Take the line containing "this 960×1280 image." in the listing below and copy it, along with every line after it, without alteration.
────────────────────────────────────────
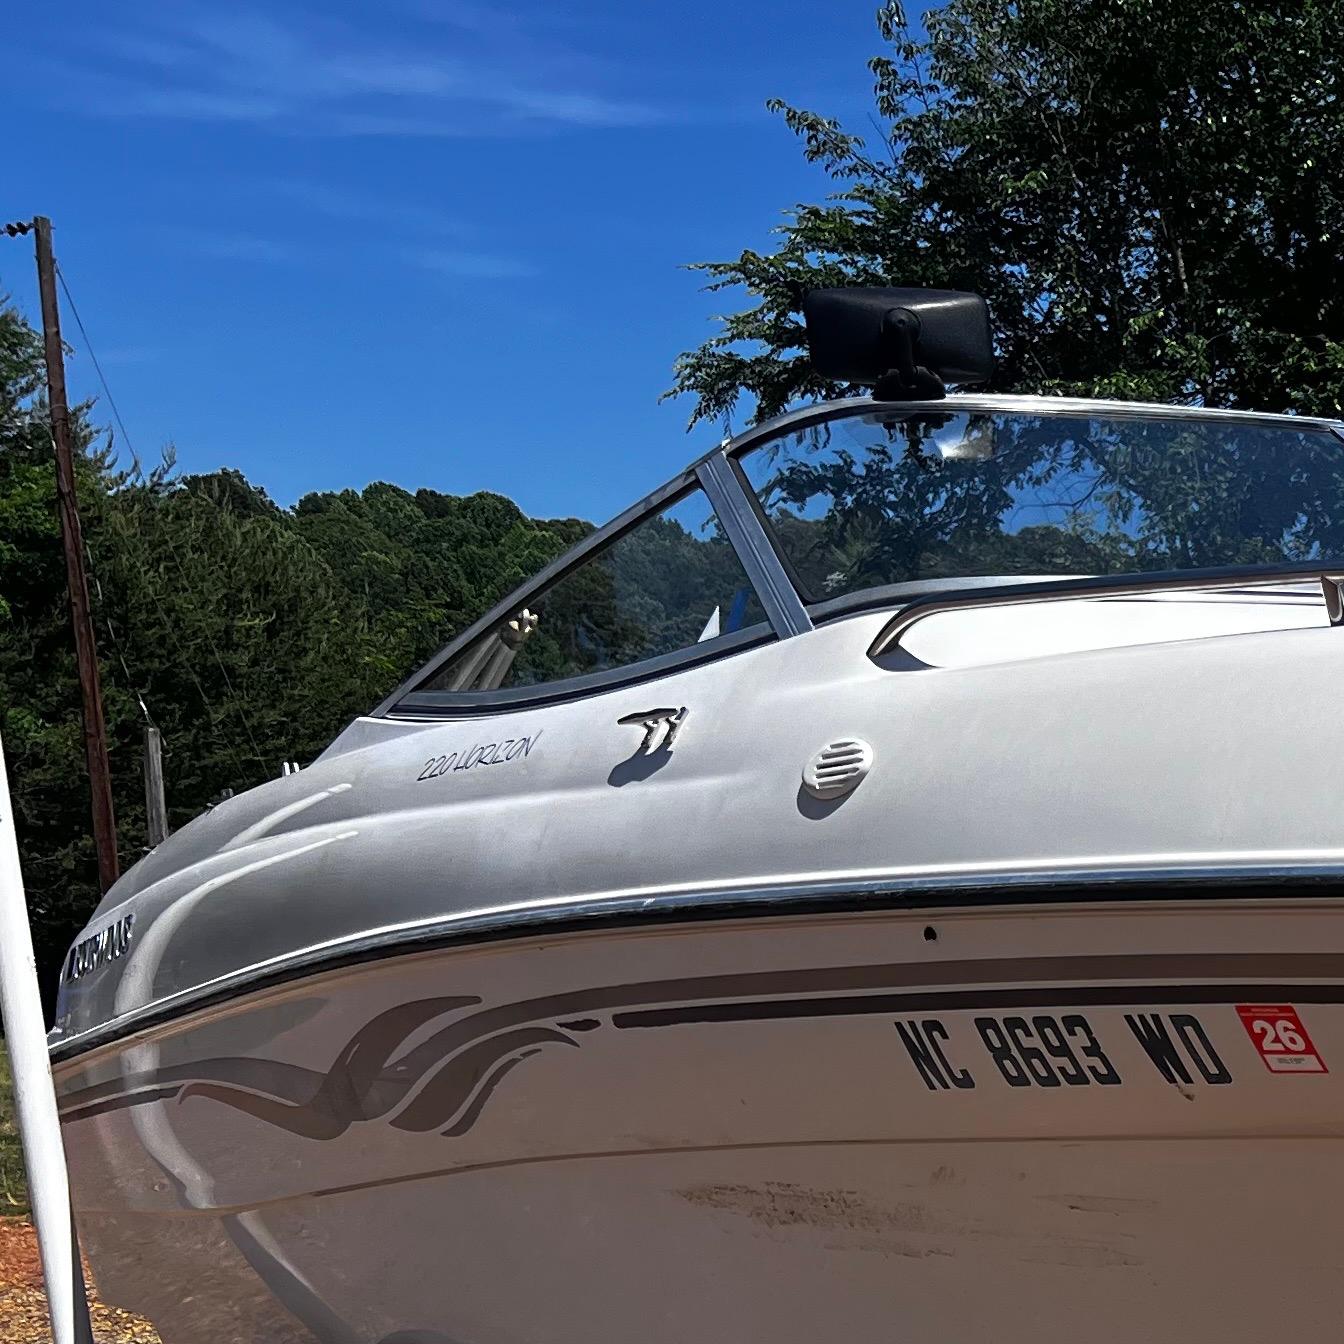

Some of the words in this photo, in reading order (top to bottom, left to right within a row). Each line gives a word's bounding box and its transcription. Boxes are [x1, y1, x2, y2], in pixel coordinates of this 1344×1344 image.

[417, 752, 458, 782] 220
[453, 729, 543, 772] HORIZON
[894, 1020, 976, 1091] NC
[974, 1015, 1122, 1087] 8693
[1123, 1013, 1233, 1086] WD
[1252, 1019, 1306, 1052] 26
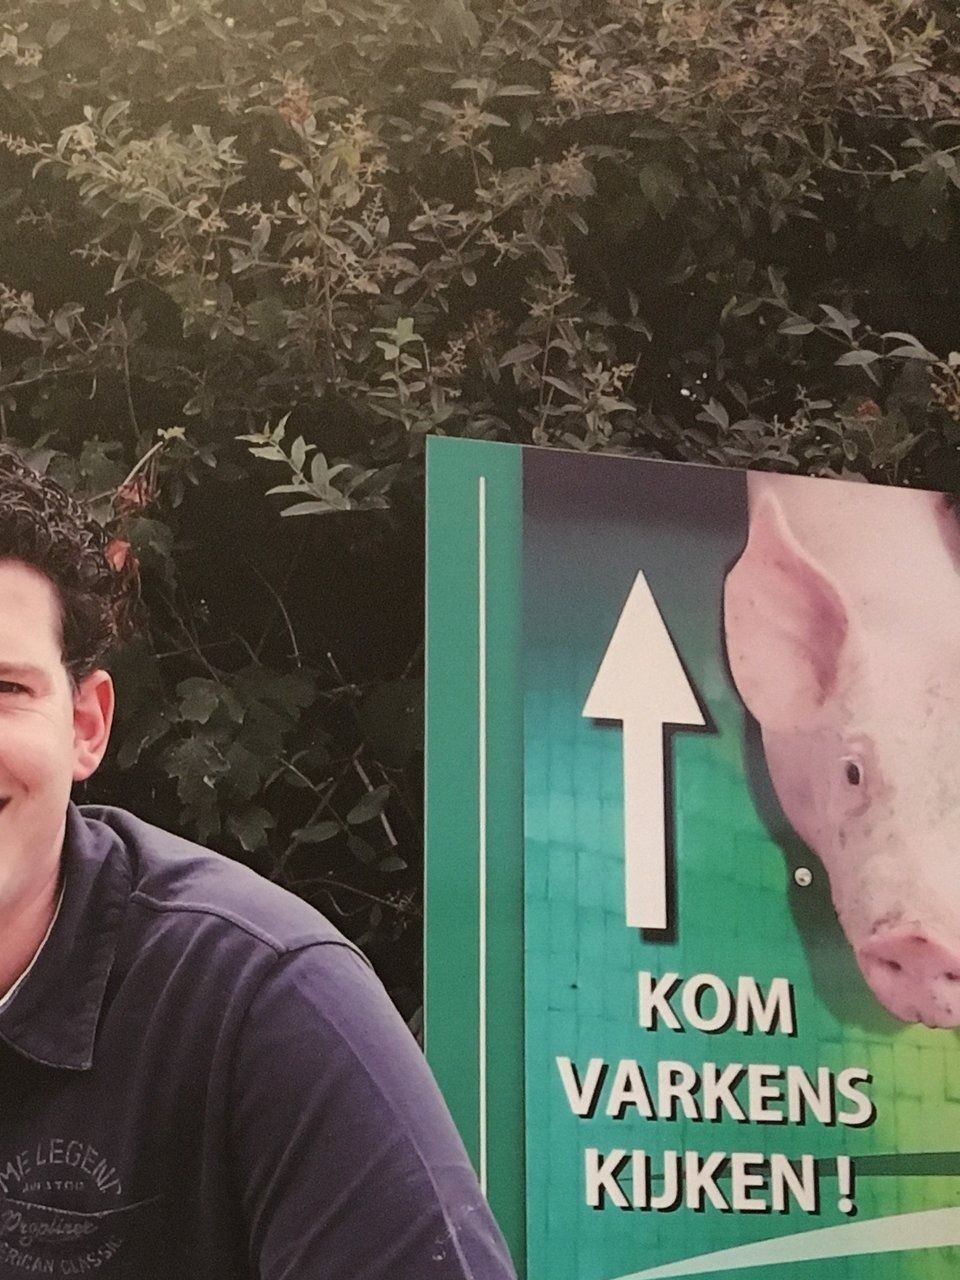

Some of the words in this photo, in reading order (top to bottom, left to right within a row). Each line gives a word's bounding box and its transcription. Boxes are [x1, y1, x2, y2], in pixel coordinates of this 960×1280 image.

[637, 971, 795, 1036] KOM
[556, 1055, 876, 1128] VARKENS
[584, 1147, 820, 1213] KIJKEN
────────────────────────────────────────
Result of the exercise =
Some of the words in this photo, in reading order (top to bottom, left to right within a row). Each line gives a word's bounding box and its transcription. Boxes are [x1, y1, x2, y2], in pixel coordinates of this 960×1280 image.

[637, 971, 795, 1036] KOM
[556, 1055, 876, 1128] VARKENS
[584, 1147, 820, 1213] KIJKEN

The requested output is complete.